"""

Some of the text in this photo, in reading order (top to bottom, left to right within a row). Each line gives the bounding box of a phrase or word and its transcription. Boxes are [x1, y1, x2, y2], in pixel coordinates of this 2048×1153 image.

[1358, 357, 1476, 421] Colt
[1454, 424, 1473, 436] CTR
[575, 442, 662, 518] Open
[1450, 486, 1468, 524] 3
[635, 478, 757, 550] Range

"""

INSTRUCTIONS TO FOLLOW
The answer consists of every entry, returned exactly.

RESPONSE
Some of the text in this photo, in reading order (top to bottom, left to right within a row). Each line gives the bounding box of a phrase or word and its transcription. Boxes are [x1, y1, x2, y2], in pixel coordinates of this 2048×1153 image.

[1358, 357, 1476, 421] Colt
[1454, 424, 1473, 436] CTR
[575, 442, 662, 518] Open
[1450, 486, 1468, 524] 3
[635, 478, 757, 550] Range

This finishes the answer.